(Extracted records)

══════════════════════════════

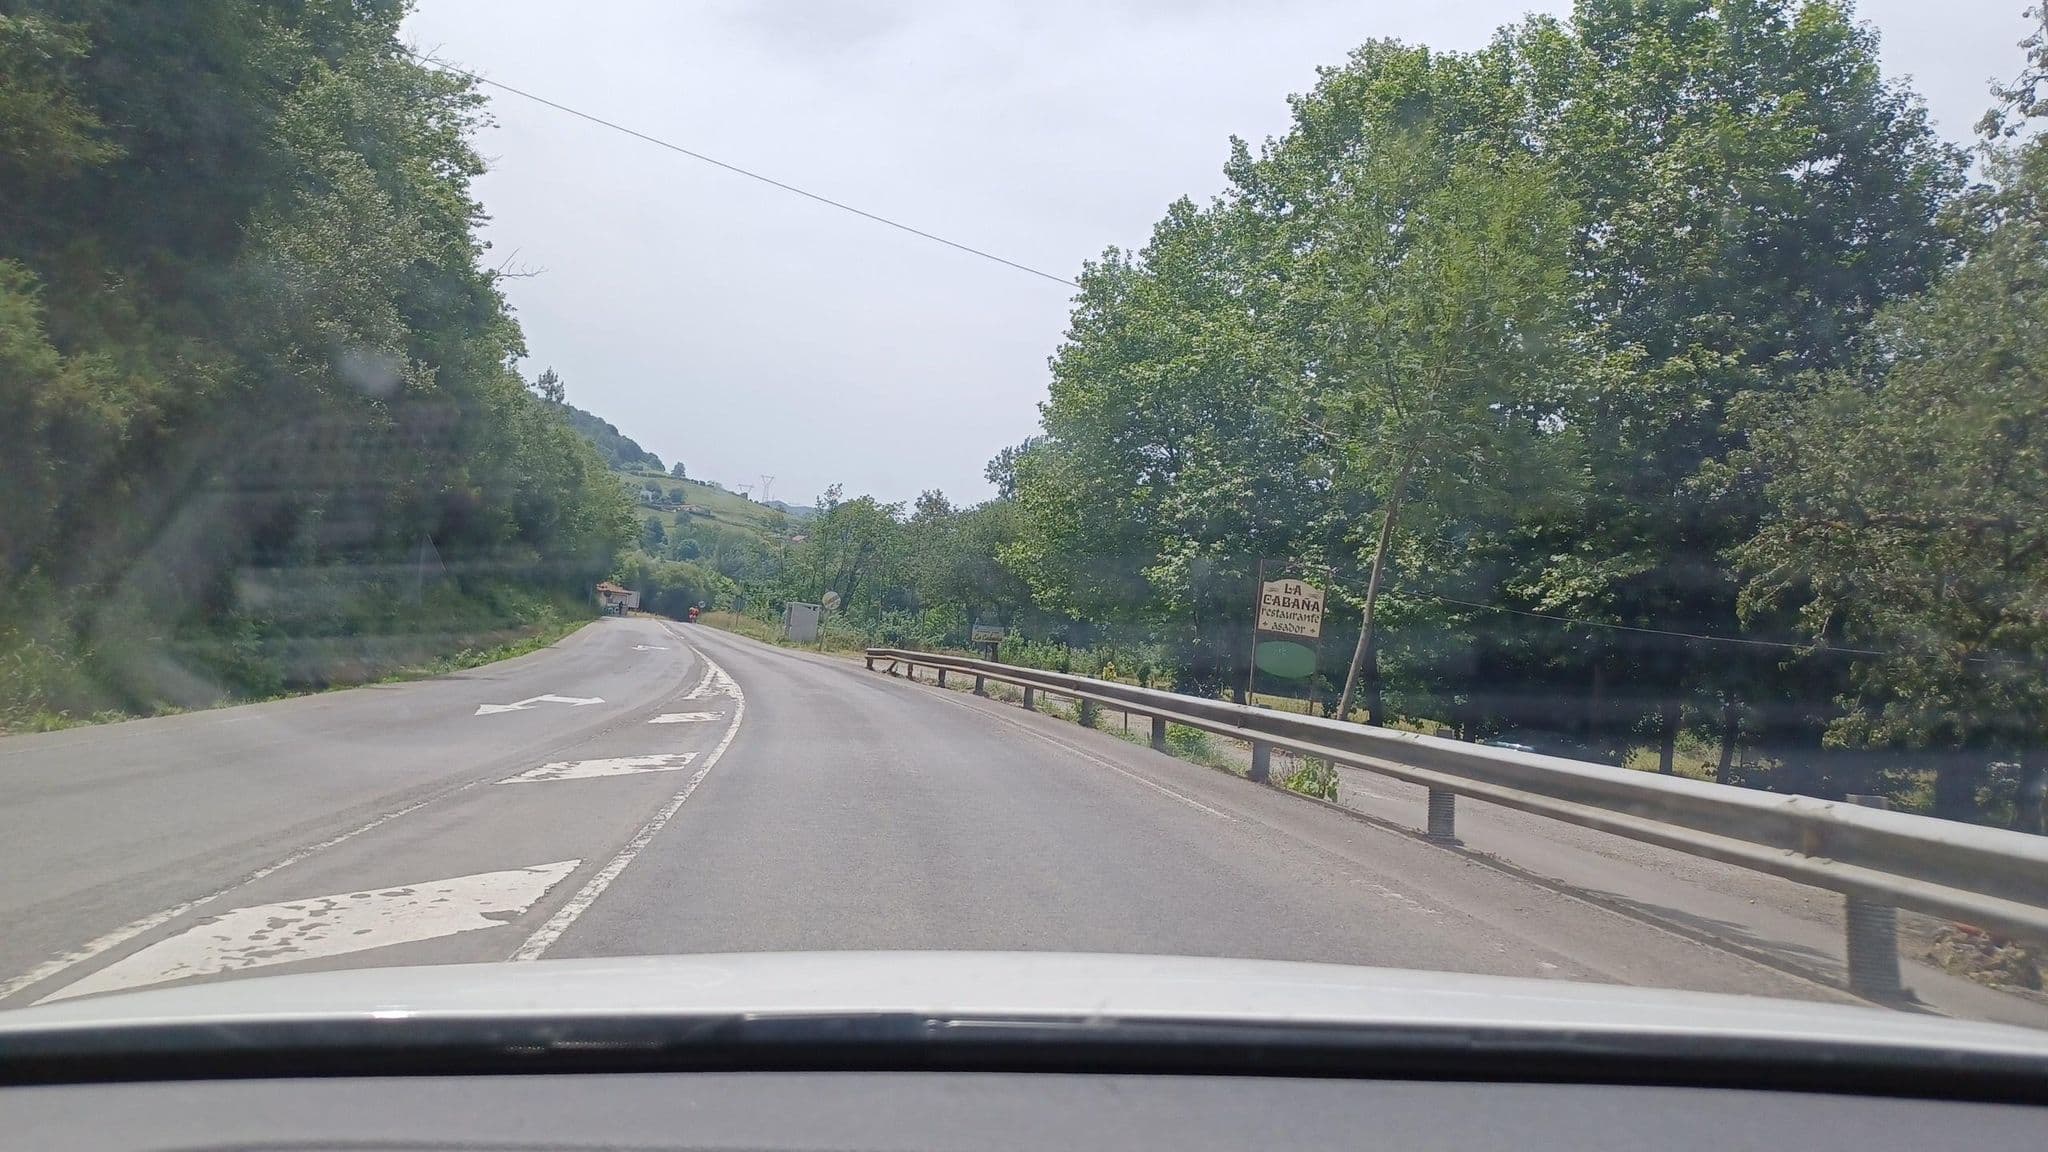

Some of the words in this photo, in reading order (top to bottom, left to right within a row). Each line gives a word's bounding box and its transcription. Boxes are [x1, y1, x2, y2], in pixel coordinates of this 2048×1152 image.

[1284, 583, 1302, 596] LA
[1263, 594, 1320, 612] CABAÑA
[1261, 607, 1320, 624] restaurante
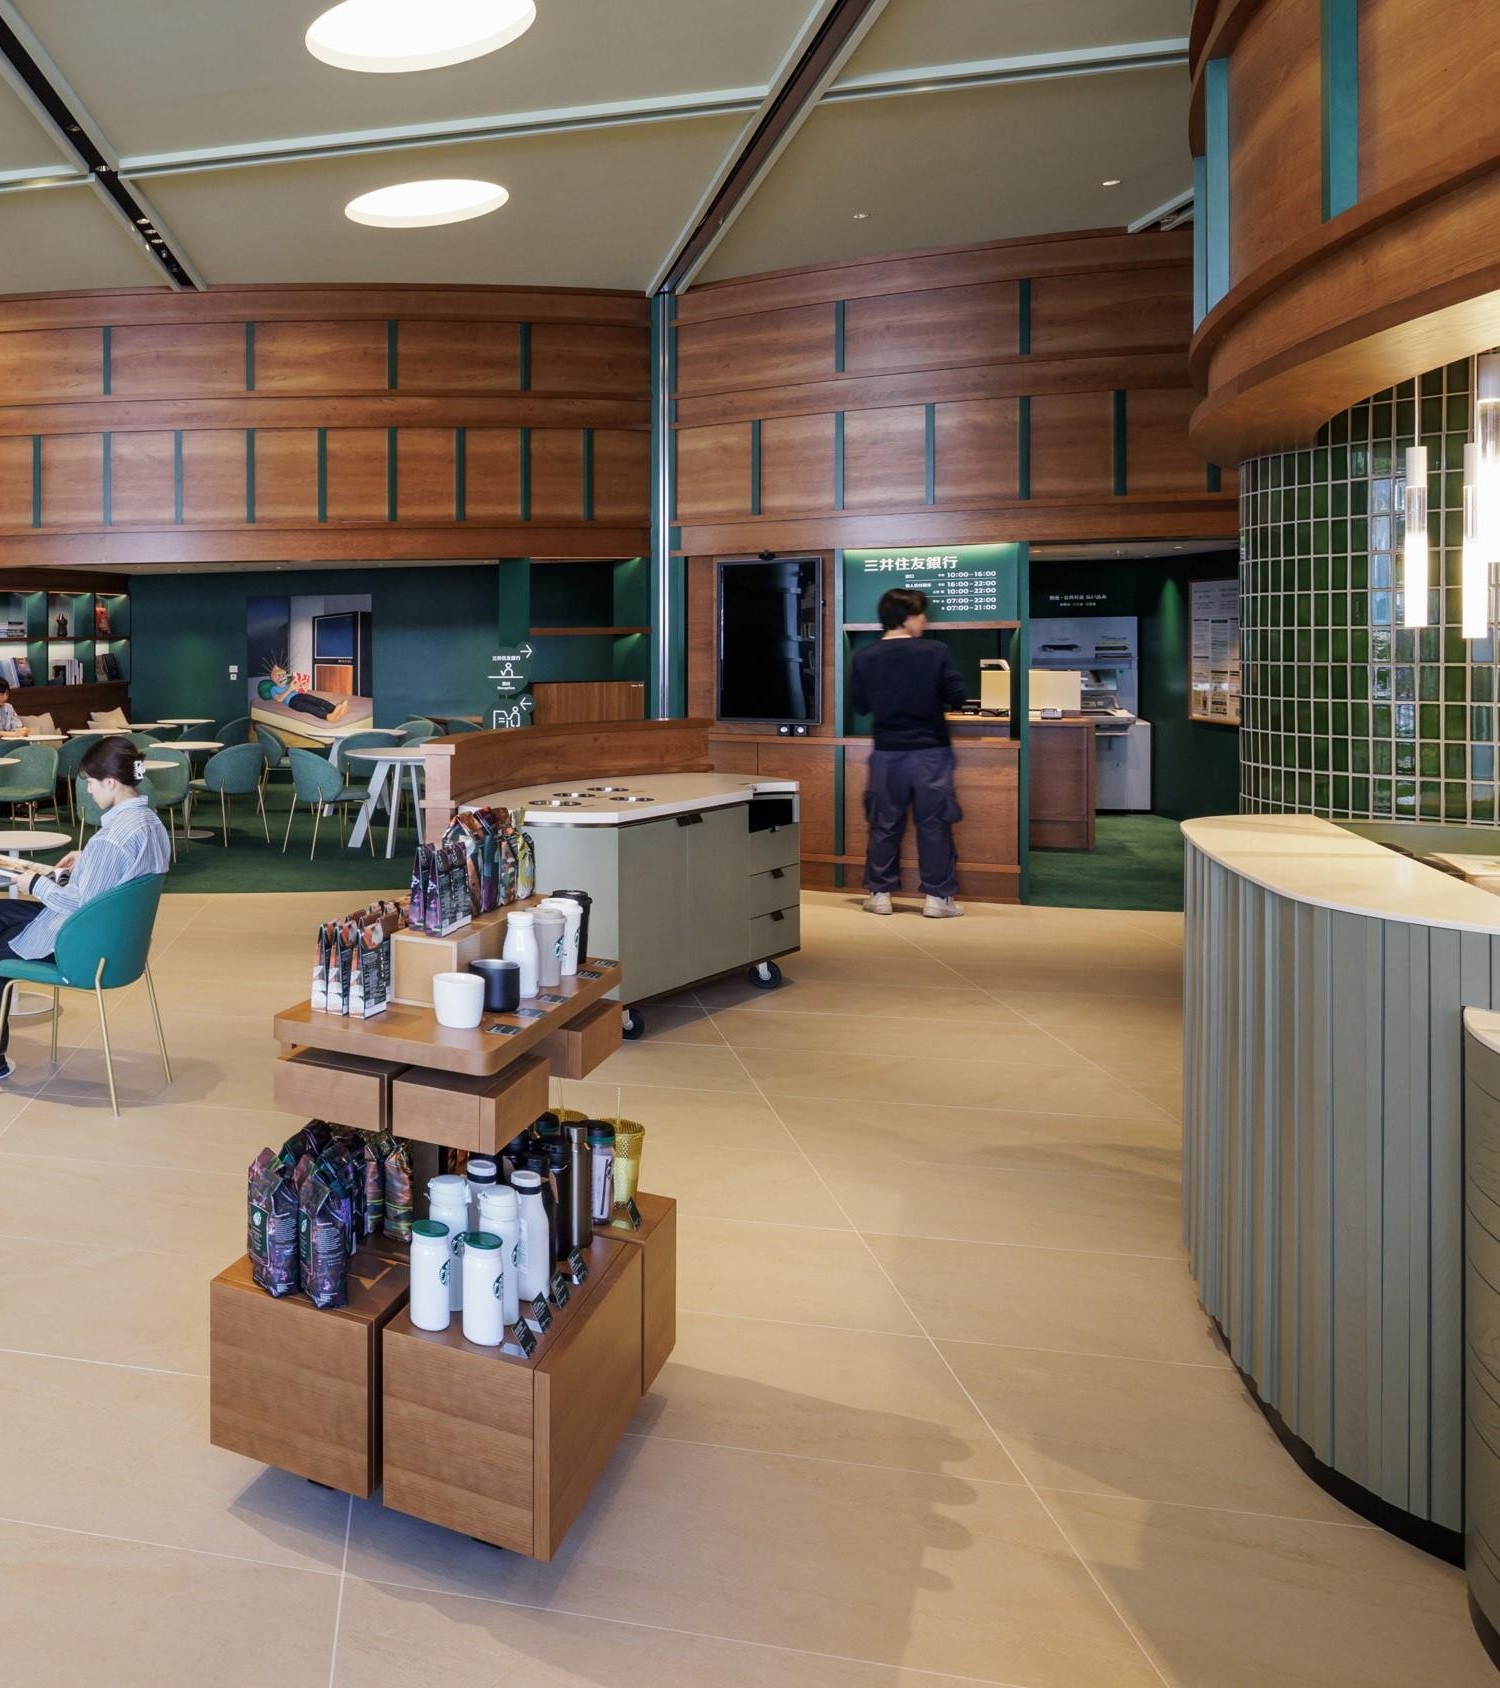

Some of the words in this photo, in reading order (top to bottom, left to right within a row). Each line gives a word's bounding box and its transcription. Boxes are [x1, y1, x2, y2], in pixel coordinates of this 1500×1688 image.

[864, 556, 958, 572] 三井住友銀行
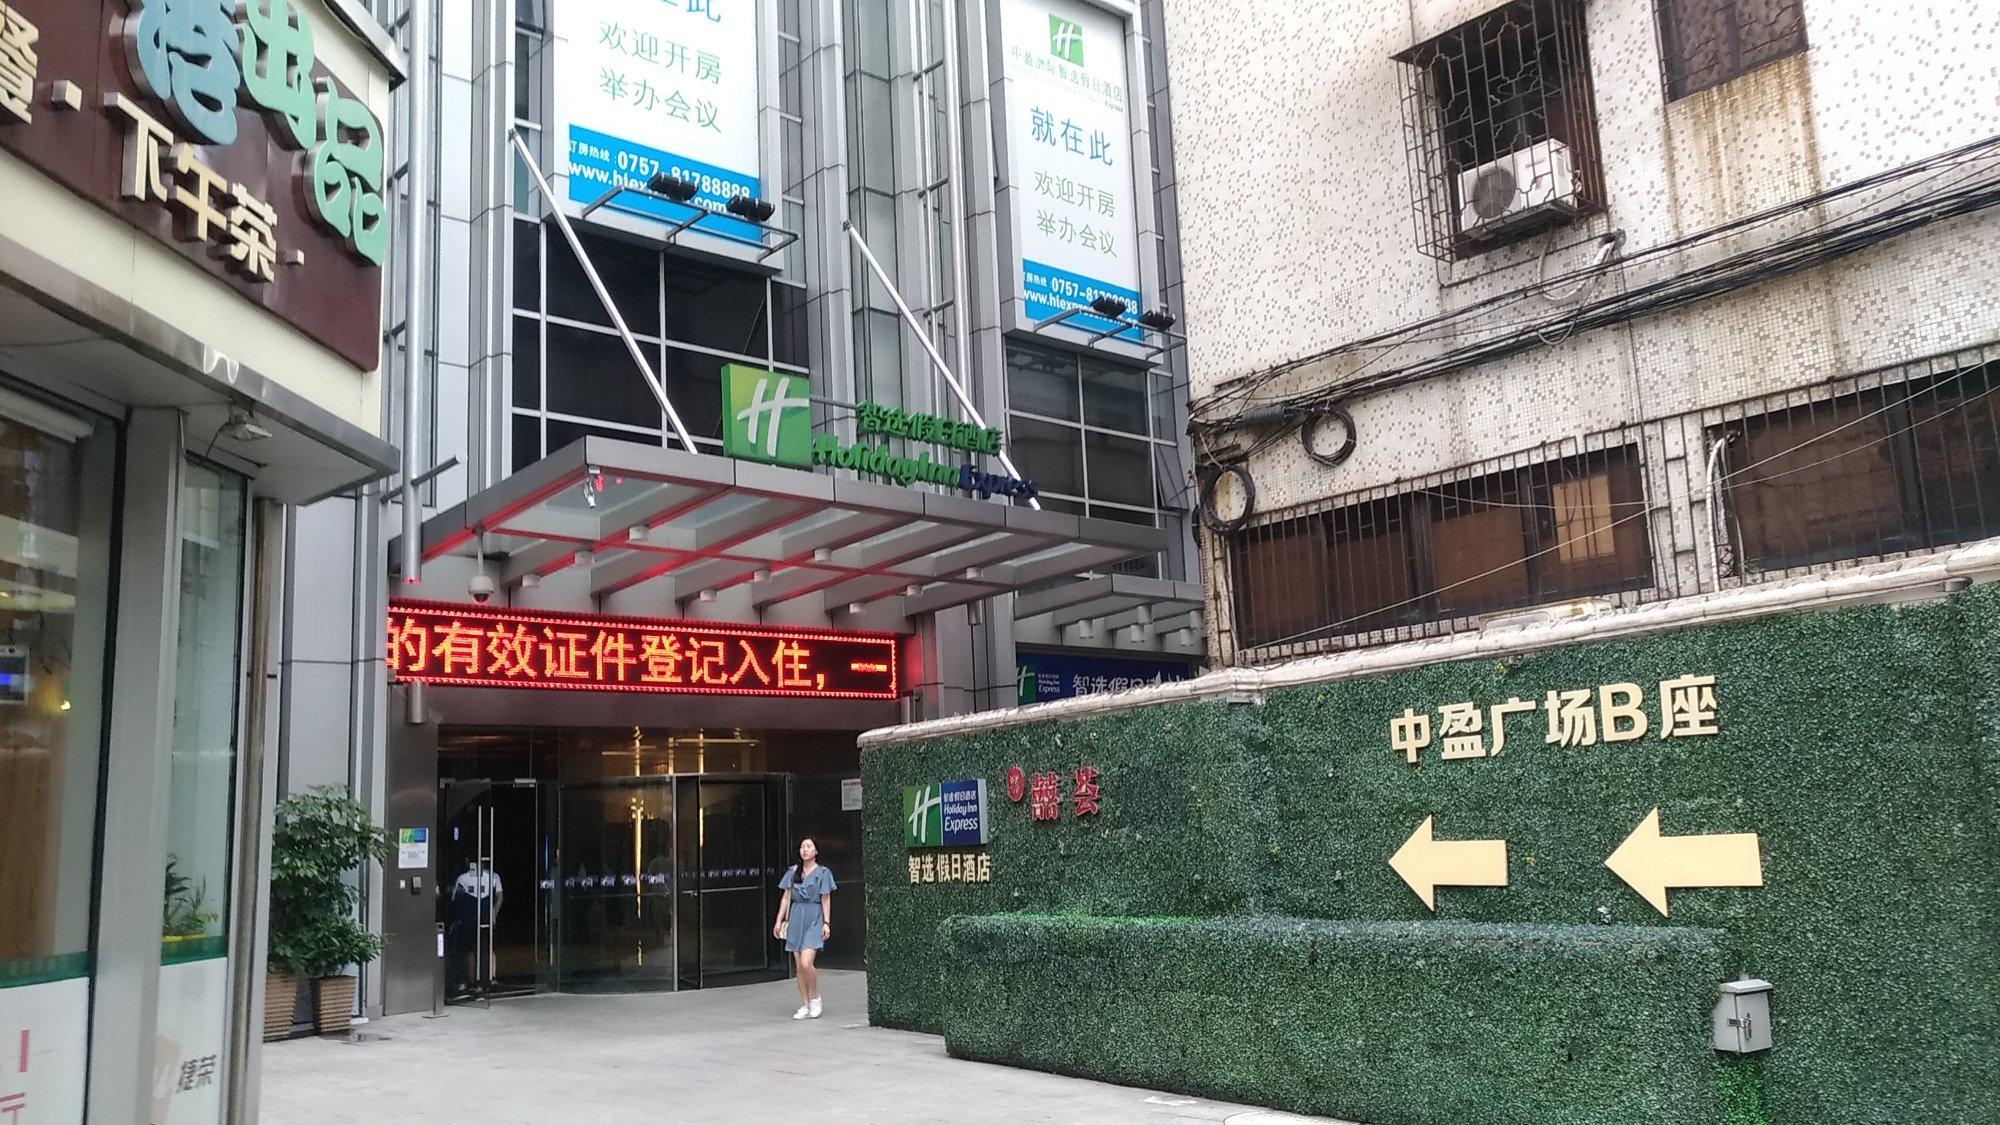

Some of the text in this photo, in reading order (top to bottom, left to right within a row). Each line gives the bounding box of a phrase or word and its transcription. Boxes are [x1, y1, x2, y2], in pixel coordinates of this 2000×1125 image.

[599, 20, 722, 86] 欢迎开房
[599, 66, 722, 134] 举办会议
[1030, 106, 1113, 167] 就在此
[1034, 170, 1116, 218] 欢迎开房
[1036, 208, 1118, 258] 举办会议
[1389, 673, 1719, 764] 中盈广场B座
[944, 816, 978, 834] Express
[908, 852, 991, 884] 智选假日酒店

══════════════════════════════

▶ YOUR GOAL
Each line above is to be duplicated exactly, and the pictures are to be omitted.

▶ SOLUTION
Some of the words in this photo, in reading order (top to bottom, left to right within a row). Each line gives a word's bounding box and its transcription. Boxes are [x1, y1, x2, y2], in pixel coordinates of this 2048×1152 image.

[1284, 583, 1302, 596] LA
[1263, 594, 1320, 612] CABAÑA
[1261, 607, 1320, 624] restaurante

Some of the words in this photo, in reading order (top to bottom, left to right within a row). Each line gives a word's bounding box and its transcription. Boxes are [x1, y1, x2, y2], in pixel coordinates of this 1500×1688 image.

[864, 556, 958, 572] 三井住友銀行

Some of the text in this photo, in reading order (top to bottom, left to right within a row). Each line gives the bounding box of a phrase or word and its transcription. Boxes are [x1, y1, x2, y2], in pixel coordinates of this 2000×1125 image.

[599, 20, 722, 86] 欢迎开房
[599, 66, 722, 134] 举办会议
[1030, 106, 1113, 167] 就在此
[1034, 170, 1116, 218] 欢迎开房
[1036, 208, 1118, 258] 举办会议
[1389, 673, 1719, 764] 中盈广场B座
[944, 816, 978, 834] Express
[908, 852, 991, 884] 智选假日酒店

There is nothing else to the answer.